L'équipe de Valérie Quesniaux au laboratoire d'Immunologie et neurogénétique expérimentales et moléculaires d'Orléans montre que le récepteur de l'interleukine 33, ST2, est nécessaire au développement du neuropaludisme expérimental. Cette étude qui identifie une nouvelle cible thérapeutique de la malaria cérébrale est parue dans la revue
European Journal of Immunology.
Le neuropaludisme est une des plus sérieuses complications de l'infection à Plasmodium falciparum et une cause de mortalité fréquente chez les enfants et les jeunes adultes infectés. Il est caractérisé par la séquestration de globules rouges parasités et de leukocytes au sein des micro-vaisseaux cérébraux. Une meilleure compréhension de la pathogenèse devrait contribuer à développer des interventions thérapeutiques pour cette complication neurologique souvent fatale, ou suivie de séquelles importantes.
L'Interleukine 33 (IL-33) est très fortement exprimée dans le cerveau par les cellules endothéliales et les astrocytes notamment, mais son rôle au niveau cérébral est peu connu.
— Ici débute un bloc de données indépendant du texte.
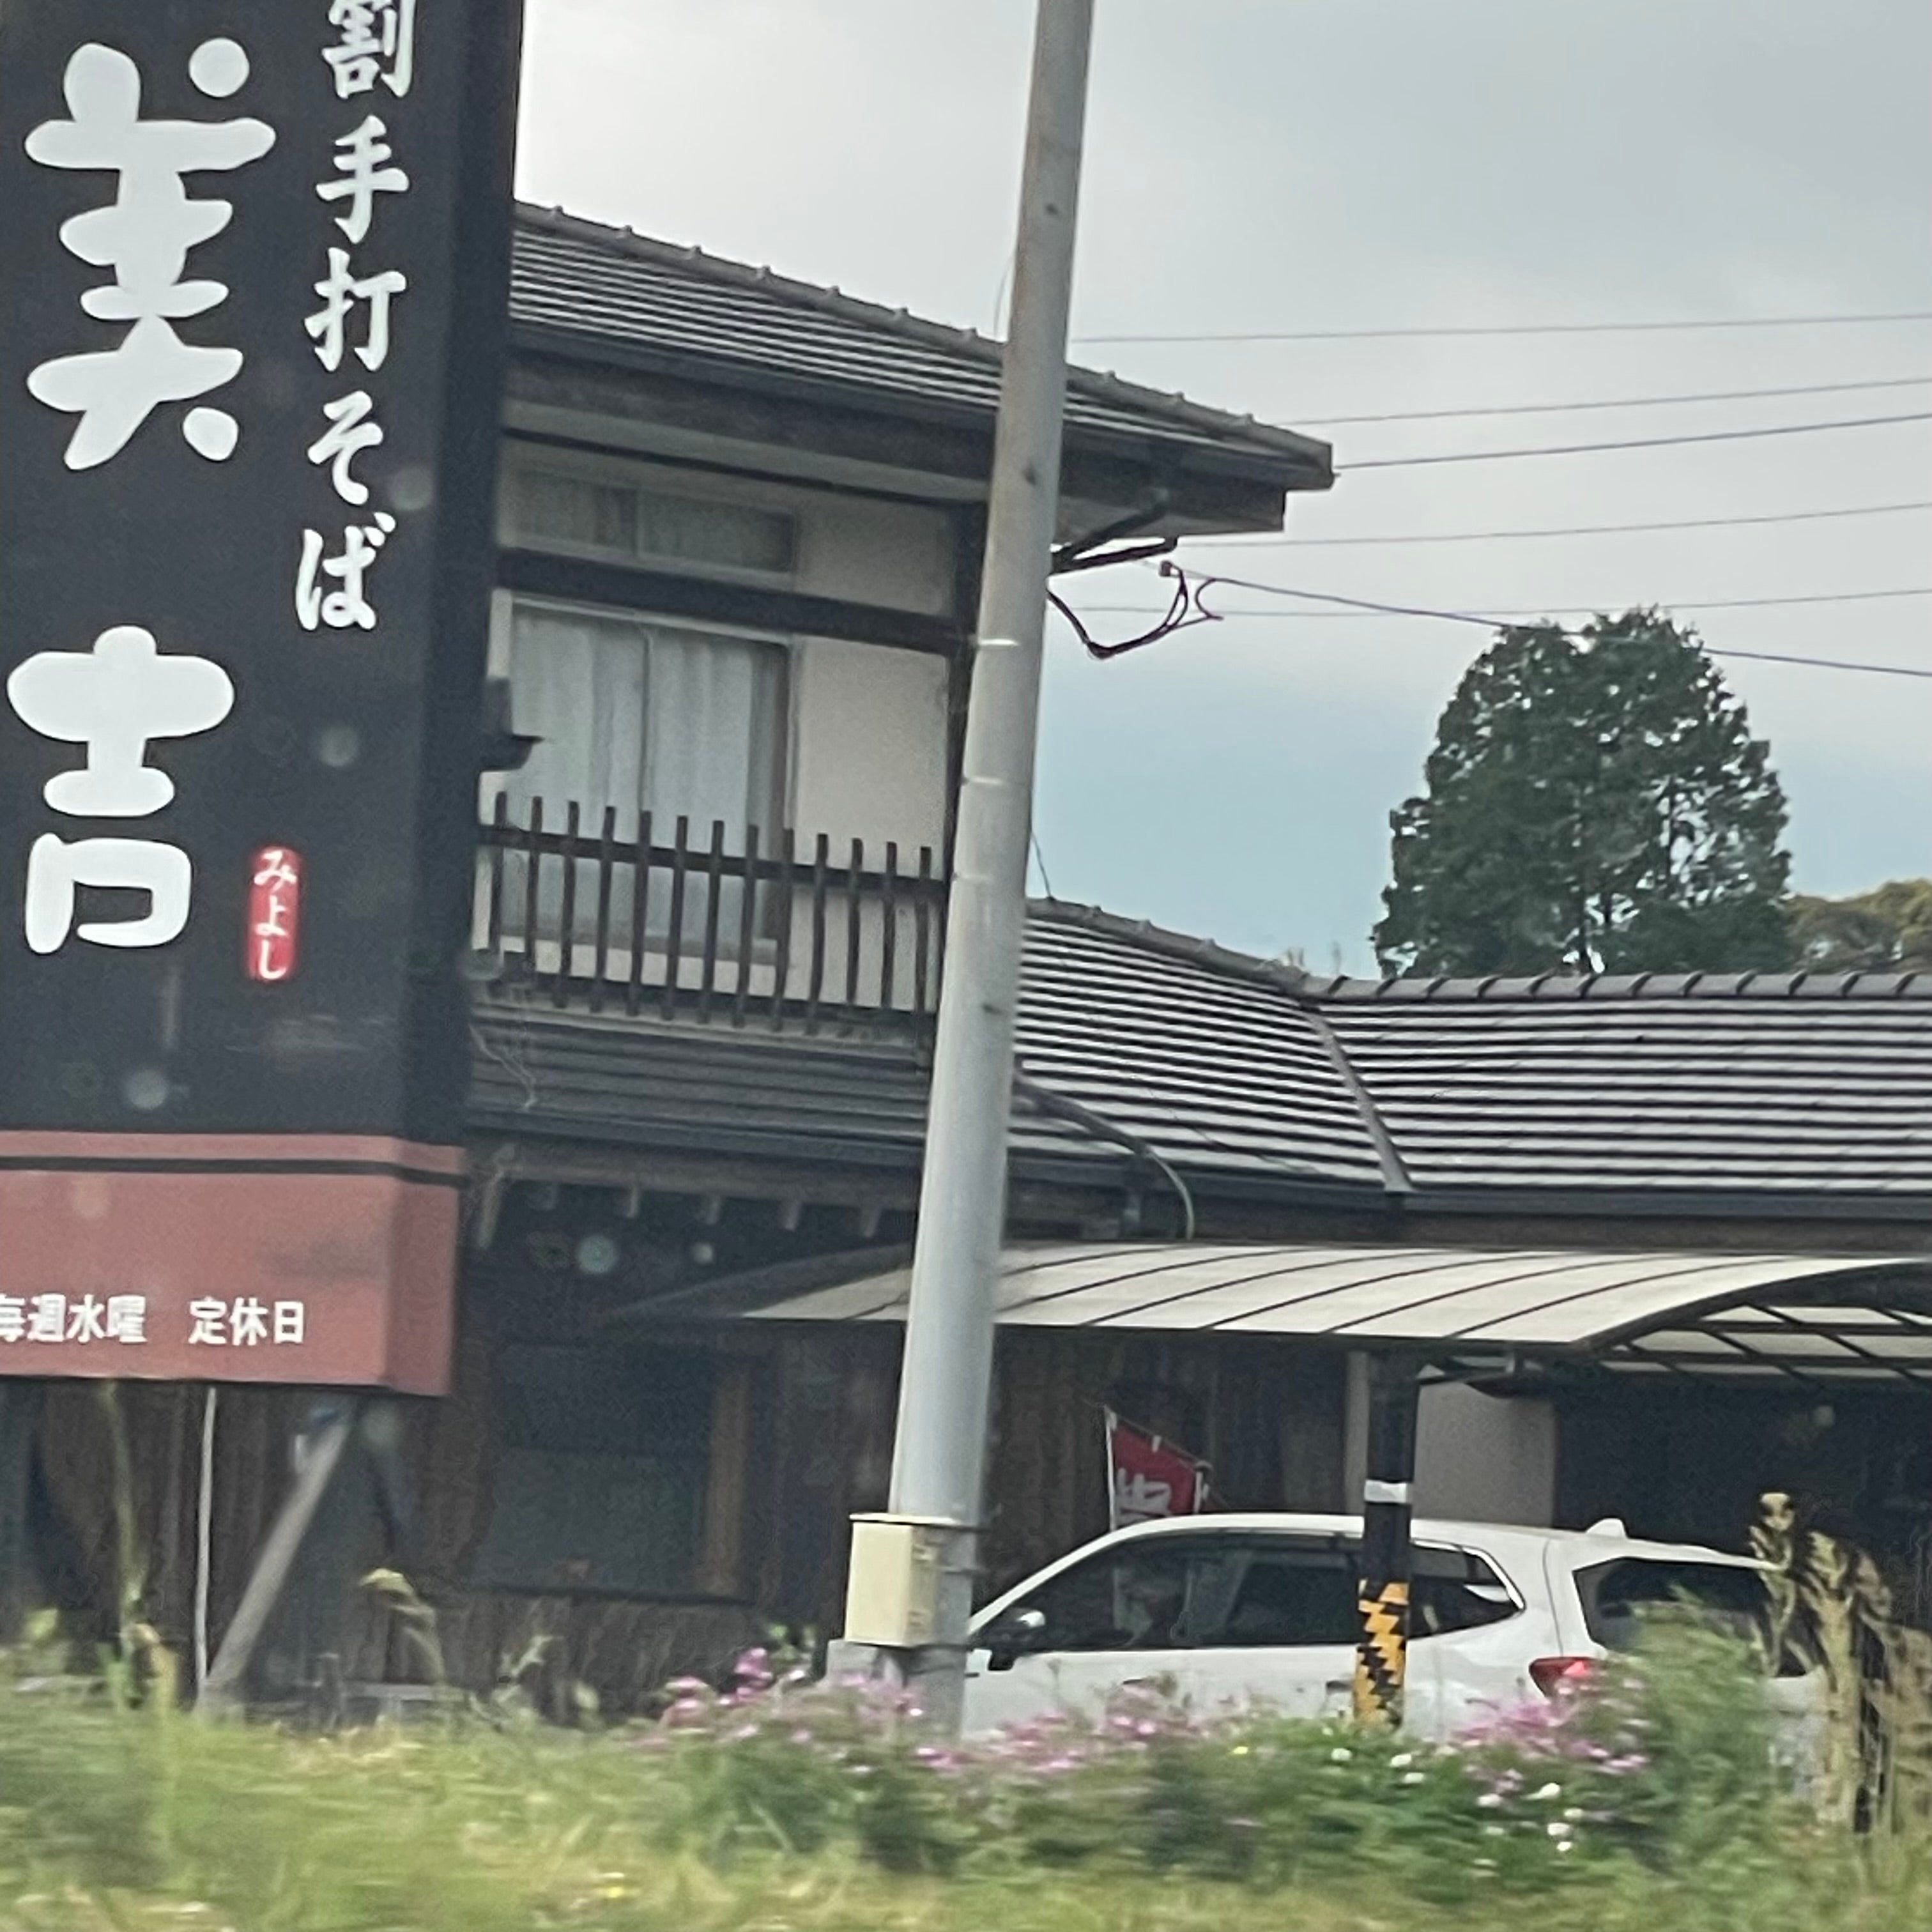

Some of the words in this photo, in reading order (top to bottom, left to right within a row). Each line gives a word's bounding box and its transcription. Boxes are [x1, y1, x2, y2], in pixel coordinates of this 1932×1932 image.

Décrite initialement comme une cytokine favorisant la réponse immune adaptative de type Th2, l'IL-33 a été impliquée plus récemment dans diverses réponses de type Th1 dont des infections virales. L'IL-33 se lie et signale par le récepteur ST2.
Figure: Schéma représentant les principales cellules, cytokines, récepteurs et molécules d'adhésion impliquées dans le développement de la malaria cérébrale expérimentale suite à l'infection par Plasmodium bergei ANKA.
© Flora Reverchon et Jennifer Palomo, INEM
Vignette: Illustration de l'endommagement de la barrière hématoencéphalique (BHE) suite à l'infection par Plasmodium bergei ANKA. Le bleu Evans infusé par voie sanguine est normalement exclu du cerveau chez les souris non-infectées (NI). Il pénètre le cerveau des souris sauvages infectées par des sporozoïtes (PbA) dont la BHE est endommagée au jour 9 (Contrôle PbA), mais pas celui des souris déficientes en récepteur ST2, résistantes à la malaria cérébrale (ST2-/- PbA).
Les chercheurs du laboratoire d'Immunologie et neurogénétique expérimentales et moléculaires ont étudié l'implication de la voie IL-33/ST2 dans le développement de la malaria cérébrale expérimentale chez la souris. Ils montrent que l'expression d'IL-33 est augmentée dans le cerveau affecté de malaria cérébrale et que la maladie ne se développe pas en absence du récepteur à l'IL-33, ST2. Les souris sauvages B6 succombent à la malaria cérébrale en une dizaine de jours, avec une rupture de la barrière hémato-encéphalique, une obstruction et des hémorragies au niveau des micro-vaisseaux. En revanche, les souris déficientes en ST2 survivent à l'infection par les sporozoites de Plasmodium berghei ANKA (PbA) sans signe neurologique et une microcirculation cérébrale préservée. Cette protection est accompagnée d'une expression réduite des molécules d'adhésion ICAM-1, des récepteurs CXCR3 responsables du recrutement des lymphocytes T et de la lymphotoxine LT-? au niveau cérébral, et enfin d'une diminution de la séquestration des lymphocytes T CD4+ activés et CD8+ perforine+. L'IL-33 est donc induite lors de l'infection par PbA, et la voie IL-33/ST2 induit l'expression cérébrale de LT-? et ICAM-1, clés pour le recrutement des cellules T pathogéniques, conduisant à la pathologie microvasculaire et à la malaria cérébrale.
Cette étude ajoute une nouvelle dimension à la compréhension des mécanismes moléculaires impliqués dans la physiopathologie du neuropaludisme expérimental en identifiant le rôle clé de la voie IL-33/ST2 qui représente désormais une nouvelle cible thérapeutique et incite à étudier plus avant le rôle de l'IL-33 dans les fonctions cérébrales et cognitives.
Ce travail a été réalisé en collaboration avec le service de Parasitologie-Mycologie de la Pitié-Salpétrière, Paris, et entre dans le cadre du Laboratoire International Associé N°236 avec l'Université de Cap Town, Afrique du Sud (2007-2014).